**Task brief**
The answer is an exact repeat of the entries below, with the pictures omitted.

**Provided material**
=======
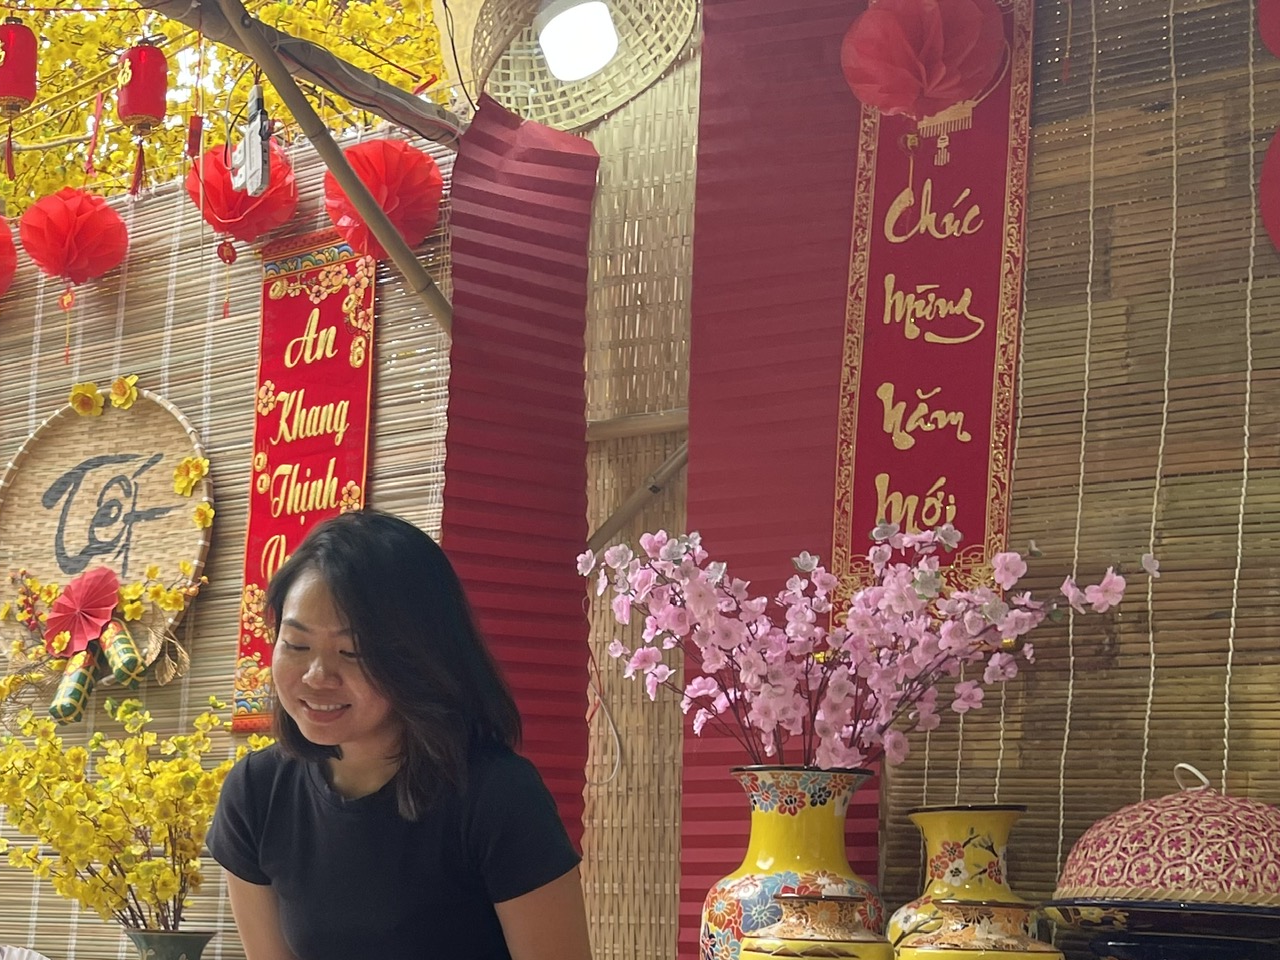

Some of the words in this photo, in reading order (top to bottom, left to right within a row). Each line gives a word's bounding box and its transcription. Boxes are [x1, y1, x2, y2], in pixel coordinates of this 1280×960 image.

[884, 178, 984, 244] Chúc
[284, 307, 339, 369] An
[269, 388, 351, 447] Khang
[42, 452, 187, 579] Tết
[270, 457, 340, 526] Thịnh
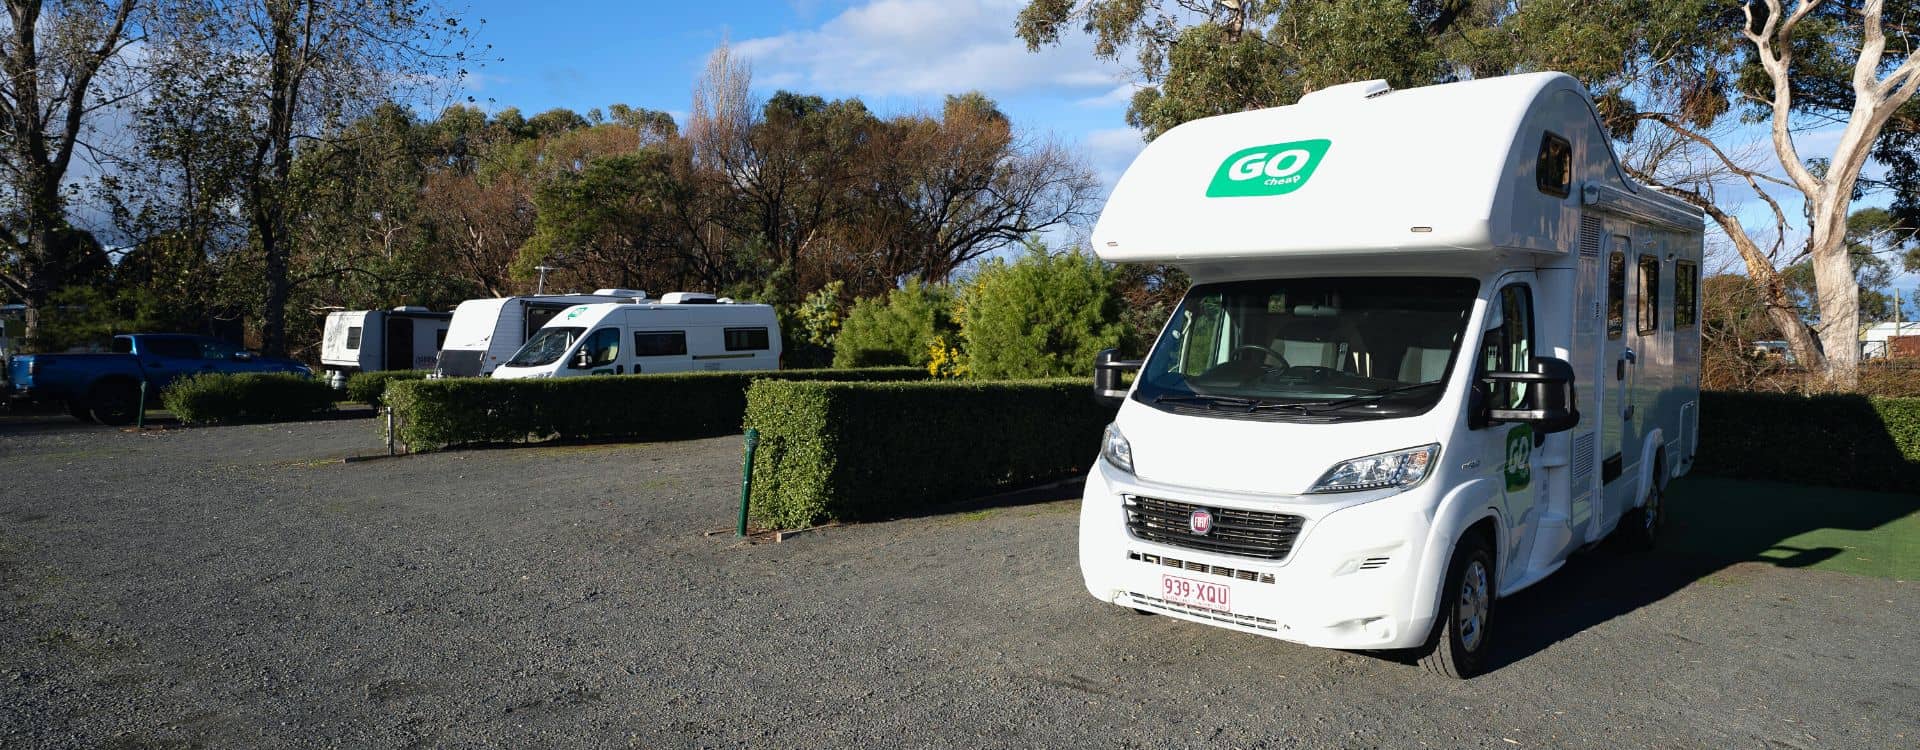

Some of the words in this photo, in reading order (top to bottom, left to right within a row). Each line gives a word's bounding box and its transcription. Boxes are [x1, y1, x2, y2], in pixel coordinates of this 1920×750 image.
=======
**Result for this exercise**
Some of the words in this photo, in reading order (top to bottom, left to right within a row). Each line gives a word's bounding box and its transcription. Boxes are [x1, y1, x2, y2], in pixel coordinates of this 1280×960 image.

[884, 178, 984, 244] Chúc
[284, 307, 339, 369] An
[269, 388, 351, 447] Khang
[42, 452, 187, 579] Tết
[270, 457, 340, 526] Thịnh

Some of the words in this photo, in reading order (top to bottom, left to right within a row). Each line gives a word's bounding box and its transcription. Boxes are [x1, y1, x2, y2], in pixel coordinates of this 1920×750 image.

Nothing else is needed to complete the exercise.